Luego de investigar el hecho, se acreditaron todas las circunstancias expuestas por el Nisman en su denuncia, resultando relevantes en tal sentido la comprobación documental de todos los llamados que el fiscal denunció que se efectuaron, el contundente testimonio vertido por el abogado de un grupo de Familiares, Julio Federik, quien fue testigo de la amenaza y corroboró todas sus afirmaciones, y el informe de las empresas telefónicas, que no solo acreditaron la existencia del llamado amenazante efectuado por Zbar el día y hora en que Nisman dijo que ocurrió, sino que además lo ubicaron en un teléfono público situado a apenas 2 cuadras de donde tiene el estudio jurídico el acusado.

“Las circunstancias de modo, tiempo y lugar evidenciadas en el relato de Federik resultan una vivencia elocuente de la forma en que el testigo percibió los hechos por sus sentidos. Brindó detalles de cómo se llevó adelante la amenaza, el estupor y zozobra que este hecho me provocó y puso énfasis en señalar que, luego de cortada la comunicación, fue Federik quien me instó a que anotara en un papel una a una las agresivas y amenazantes palabras utilizadas por el querellado Zbar, lo que me ha permitido recrear, con una alta precisión, hasta los más pequeños pormenores del diálogo telefónico. En otras palabras, el testigo corroboró una por una, las afirmaciones efectuadas en la querella”, sostuvo Nisman en su presentación efectuada ante el Juez Federal Ariel Lijo.

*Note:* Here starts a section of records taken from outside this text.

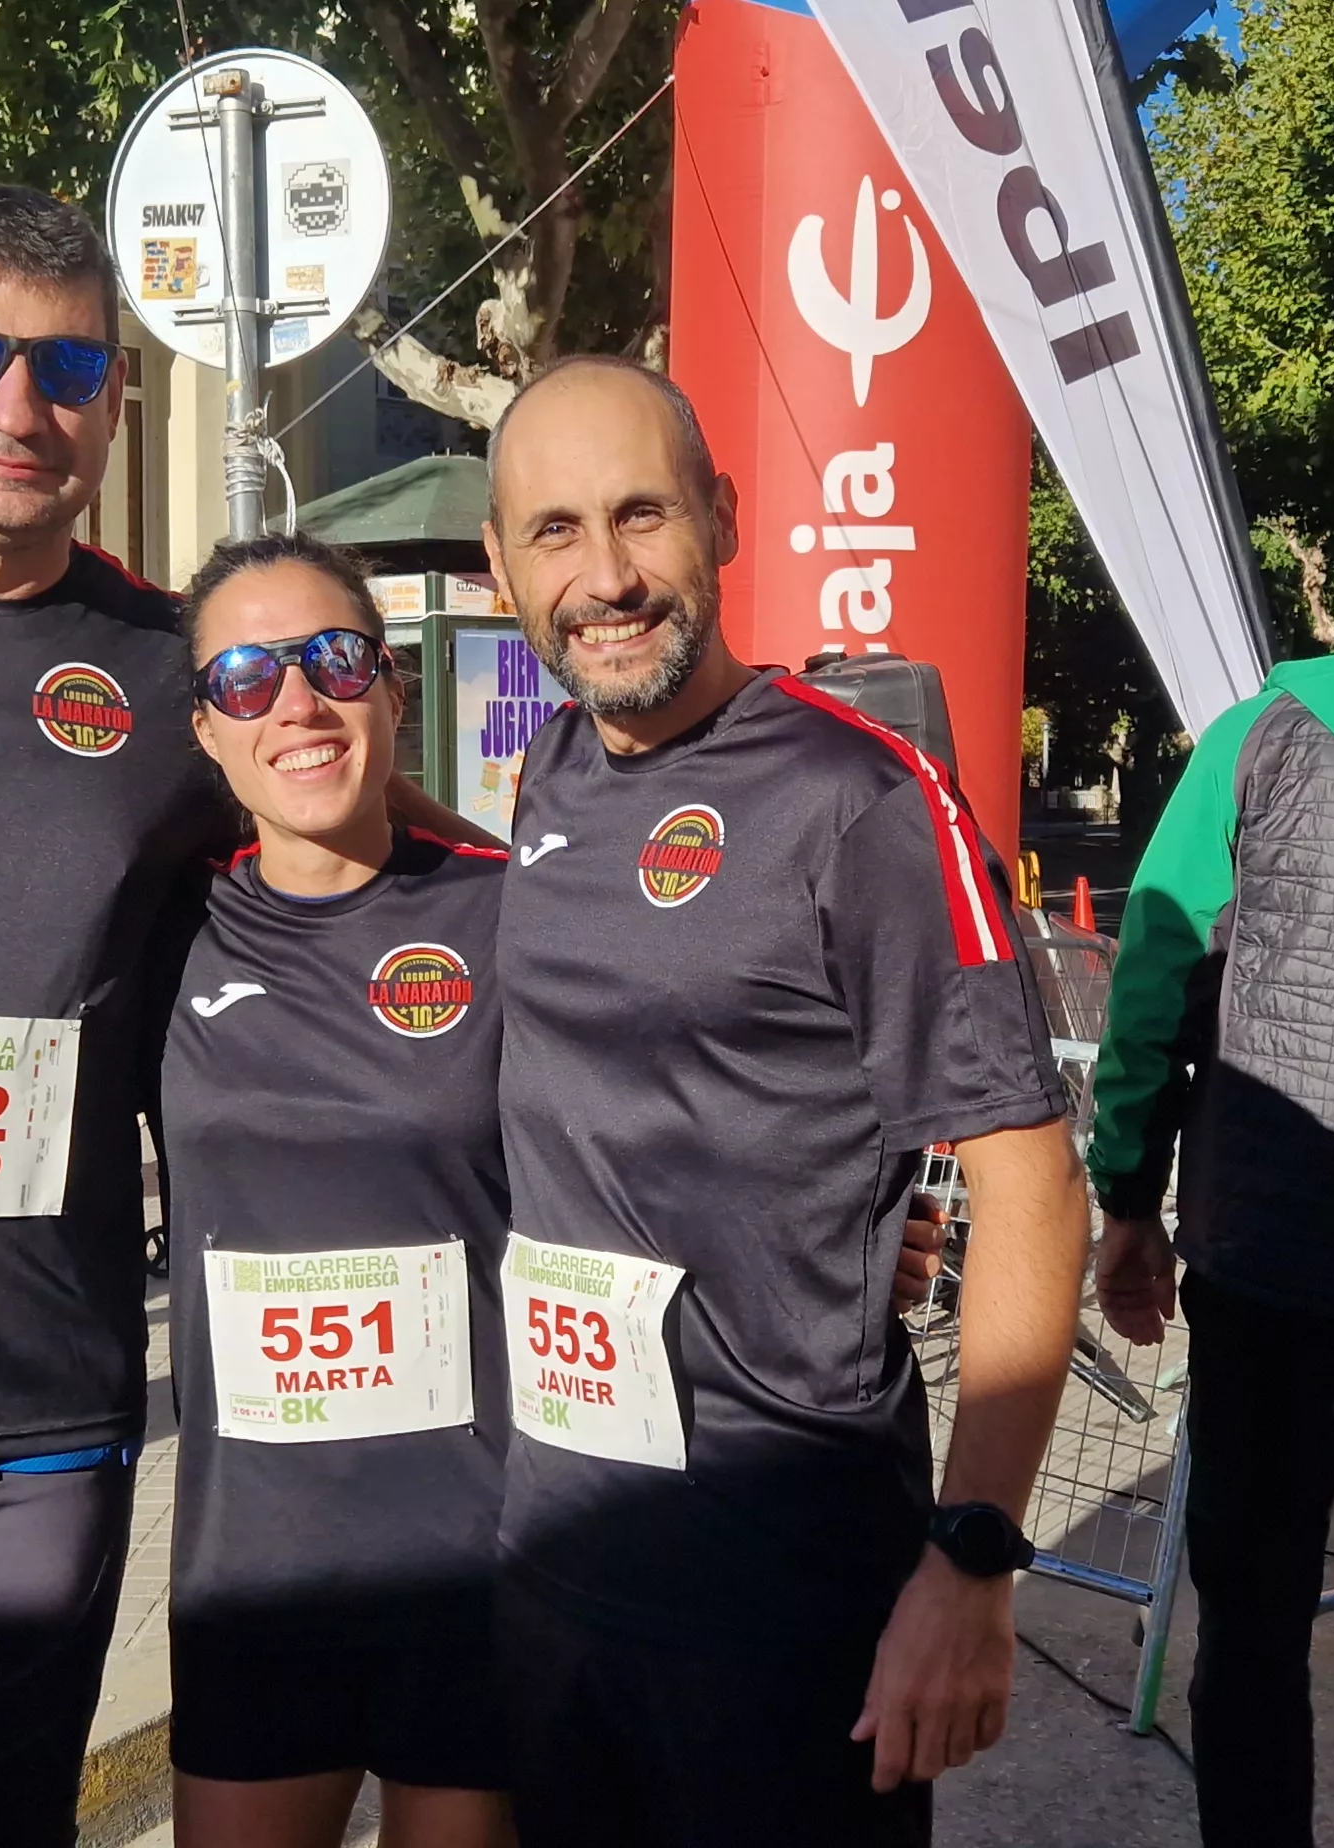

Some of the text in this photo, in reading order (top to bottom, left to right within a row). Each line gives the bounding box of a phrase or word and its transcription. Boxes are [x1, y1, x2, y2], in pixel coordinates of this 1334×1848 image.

[897, 0, 1141, 386] Ibe
[142, 203, 205, 228] SMAK47
[790, 442, 916, 653] aja
[498, 639, 539, 697] BIEN
[33, 694, 133, 733] LA MARATÓN
[73, 724, 95, 746] 10
[638, 842, 724, 876] LA MARATÓN
[368, 977, 473, 1005] LA MARATÓN
[410, 1005, 433, 1027] 10
[264, 1254, 399, 1277] III CARRERA
[527, 1247, 616, 1280] III CARRERA
[265, 1270, 400, 1293] EMPRESAS HUESCA
[528, 1265, 612, 1299] EMPRESAS HUESCA
[260, 1300, 395, 1362] 551
[528, 1296, 617, 1372] 553
[275, 1364, 395, 1394] MARTA
[536, 1367, 616, 1407] JAVIER
[281, 1396, 329, 1425] 8K
[541, 1396, 572, 1430] 8K

En otro de los párrafos, sostuvo textualmente el fiscal: “No sólo se acreditó que Zbar fue mendaz en su versión espontánea que rindió en el sumario, al negar la existencia de llamados que yo previamente le efectué y cuya existencia los informes de las compañías telefónicas acreditan acabadamente, con notable coincidencia hasta en los horarios denunciados, sino que, a la par de la mendacidad del acusado, todas y cada una de las circunstancias que denuncié en la querella se han ido acreditando”.

Nisman no descartó en modo alguno que el resultado de pruebas ya ordenadas agrave aún más la situación de Zbar, pero entendió que los elementos de juicio ya reunidos eran más que suficientes para ordenar el procesamiento de Zbar de manera inmediata.

Hace pocos días, y conforme informó ampliamente un matutino porteño, Zbar fue también acusado en la Auditoría General de la Nación y denunciado por haber demorado por más de tres meses una actuación vinculada con la causa de los medicamentos falsos, que investiga el juez federal Norberto Oyarbide.